Ellen O’Connell’s SING MY NAME – A Superb and Tender Post Civil War Love Story

It’s 1867 and the Civil War is over. Young Matt Slade, the son of Texas settlers, fought for the South in some of the bloodiest battles—and he survived. Because he’s good at surviving. When two shady bounty hunters seize him for a crime he didn’t commit, he determines he’ll survive so they won’t take him dead, as in “dead or alive.”

 

While being transported with a group of calvary escorting some women to Fort Grissom, he encounters Sarah Hammond, the young daughter of passionate Massachusetts’s abolitionists, who is on her way to join her fiancé, a Yankee major, a man she does not love.
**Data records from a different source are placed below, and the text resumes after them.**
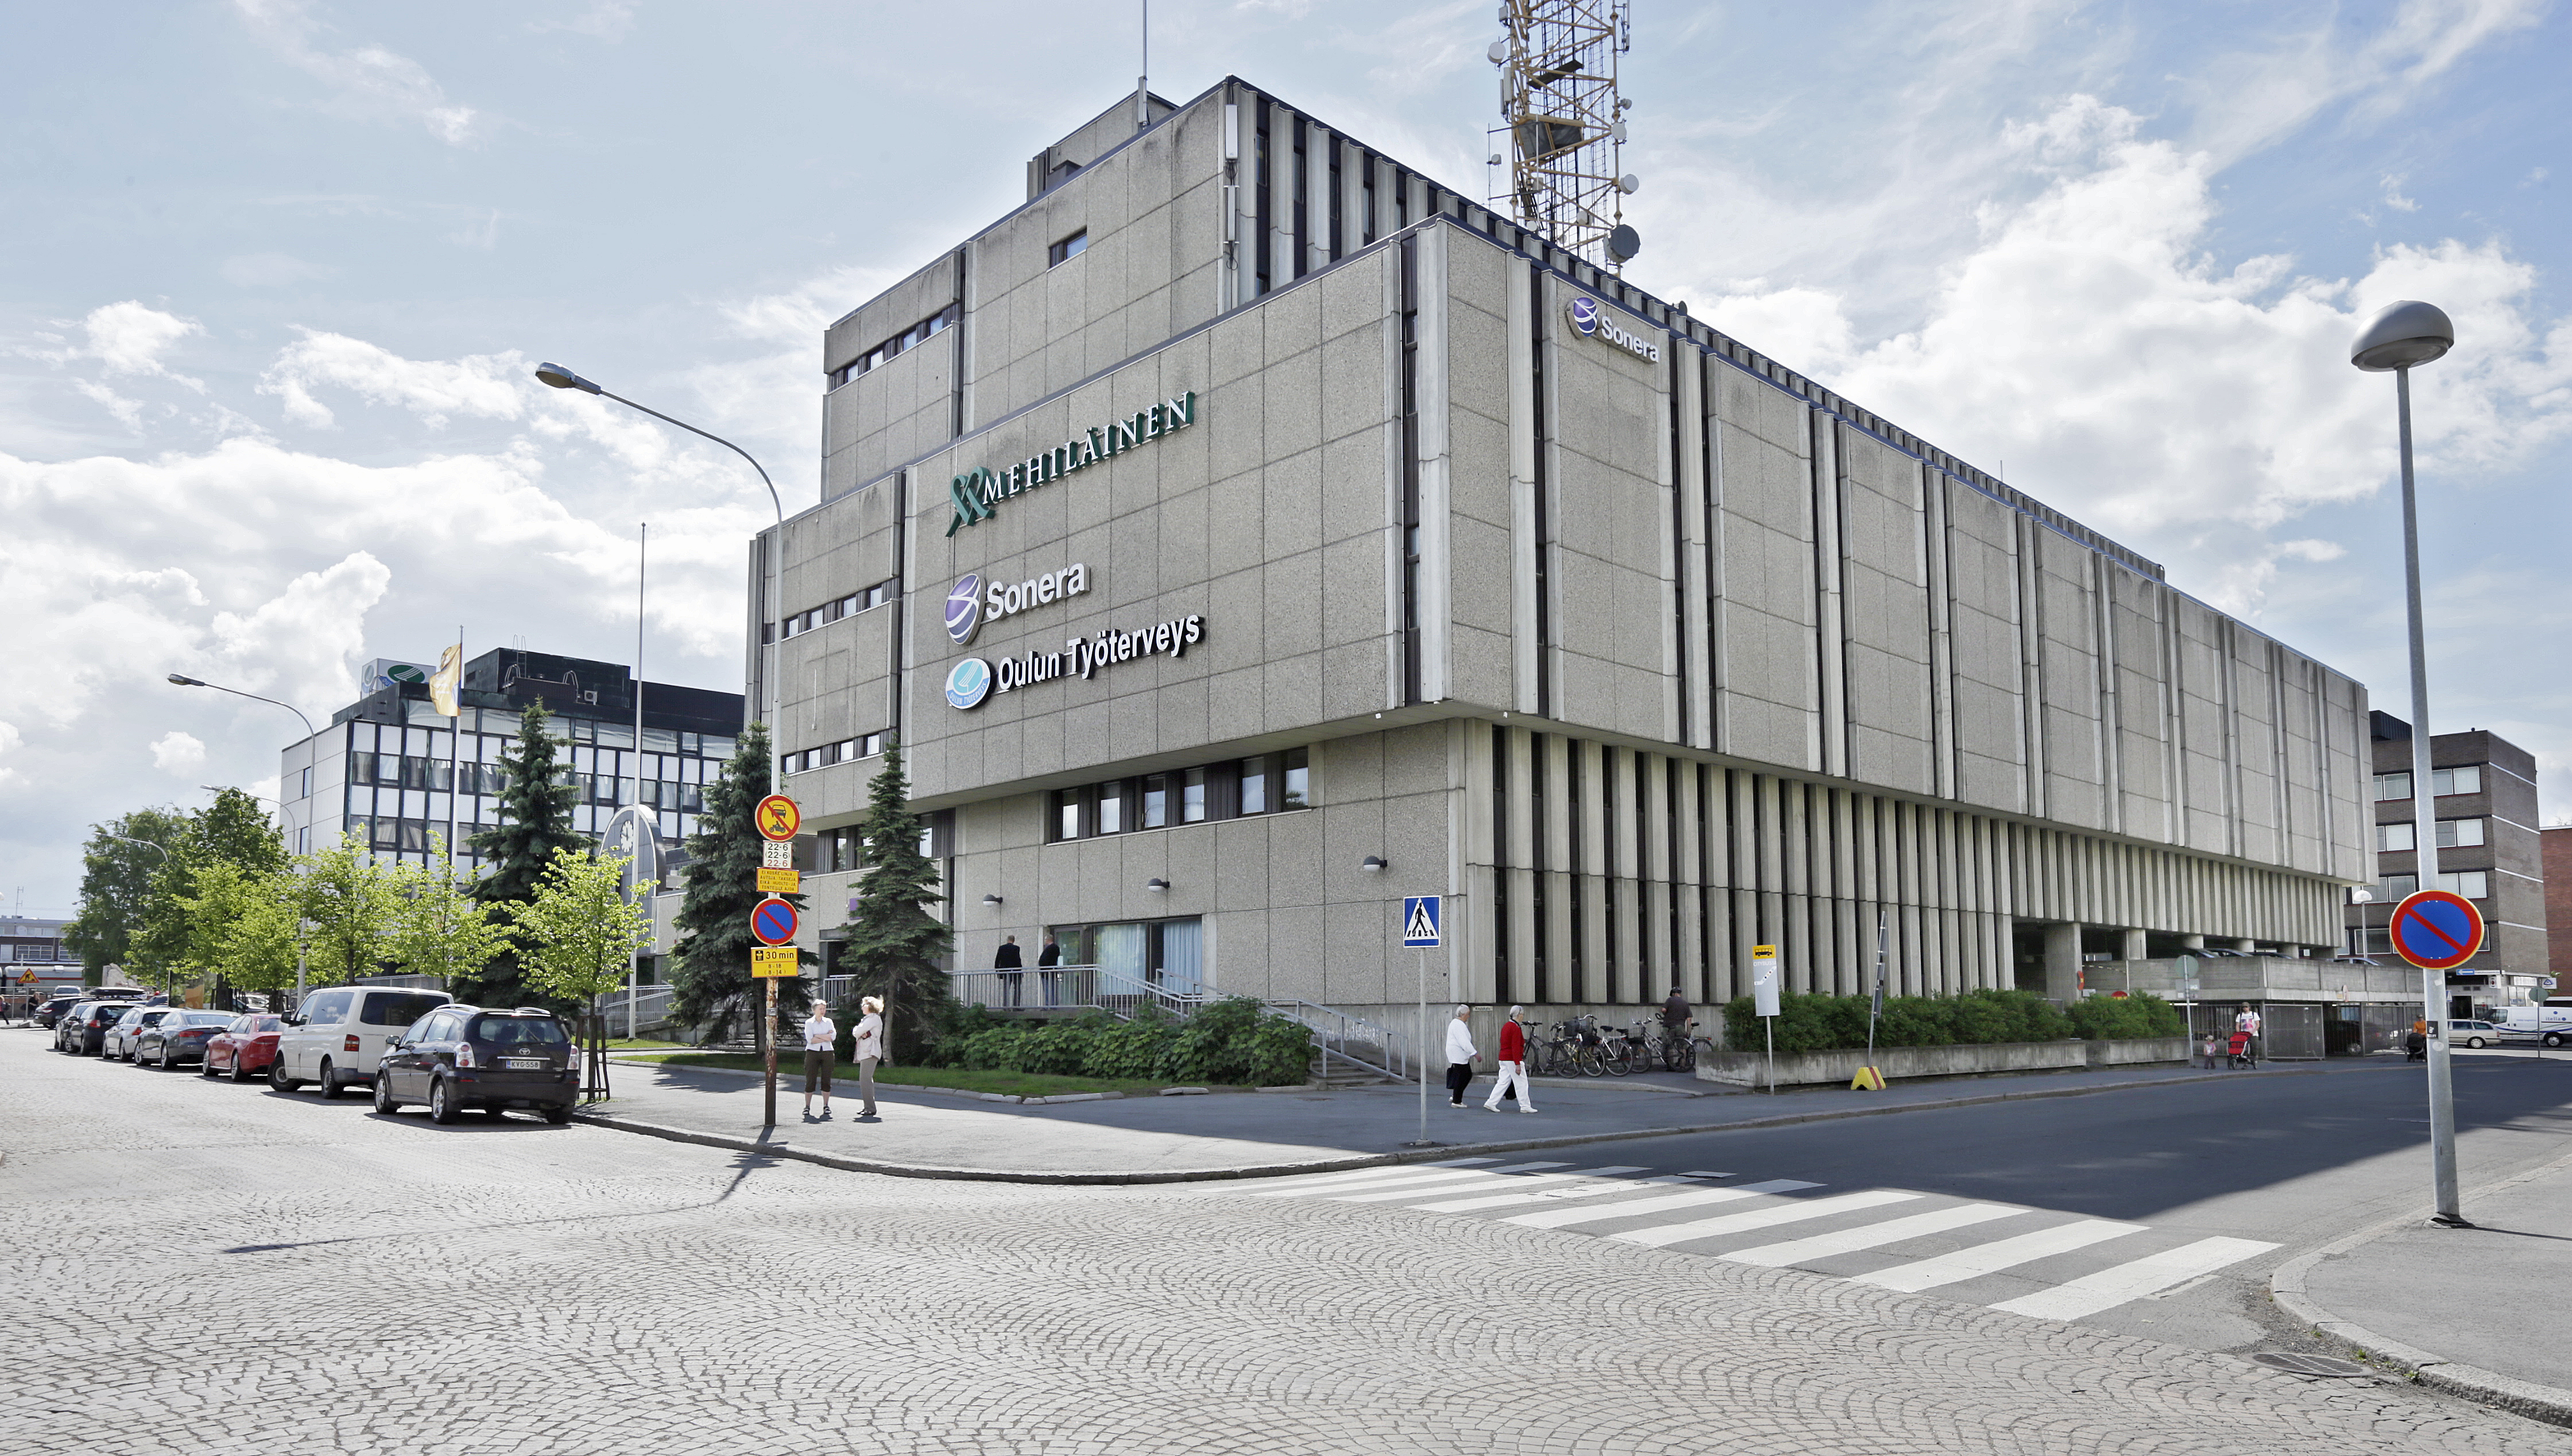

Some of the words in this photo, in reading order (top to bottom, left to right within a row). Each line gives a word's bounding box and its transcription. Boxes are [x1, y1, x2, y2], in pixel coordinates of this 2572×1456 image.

[1601, 316, 1659, 363] Sonera
[982, 391, 1195, 505] MEHILÄINEN
[986, 563, 1089, 619] Sonera
[998, 651, 1060, 690] Oulun
[1067, 614, 1201, 679] Työterveys
[765, 851, 790, 859] (22-6)
[768, 843, 788, 851] 22-6
[768, 859, 788, 867] 22-6
[766, 951, 777, 959] 30
[779, 951, 794, 959] min
Abhorring the abuse of Matt by the bounty hunters, Sarah intervenes to assure Matt is properly fed and no longer beaten. Shortly after, Comanches attack. Matt and Sarah survive only because of Matt’s resourcefulness. To get to the fort, they must depend on each other—and they grow close.

 

Finally at the fort, Sarah's fiancé learns that she has fallen in love with “Rebel trash," and he takes his revenge on the young lovers. And a fierce revenge it is. It will be 1875 before the story is over…

 

O’Connell has a way of putting you right in the action, of making you feel the emotion and of understanding what led the hero and heroine to be who they are. The tender budding love between Matt and Sarah is the genuine thing. But they will have many hurdles to cross before they can be together. Along the way, O’Connell will make you laugh and she’ll make you cry.

 

This is a story of sacrificial love and standing up to bias that says a fallen woman and a gunslinger aren’t worthy citizens (“What did you do with a man who loved you too much to love you?”). I absolutely love her writing! Simply put, O’Connell tells GREAT stories and she does it very well.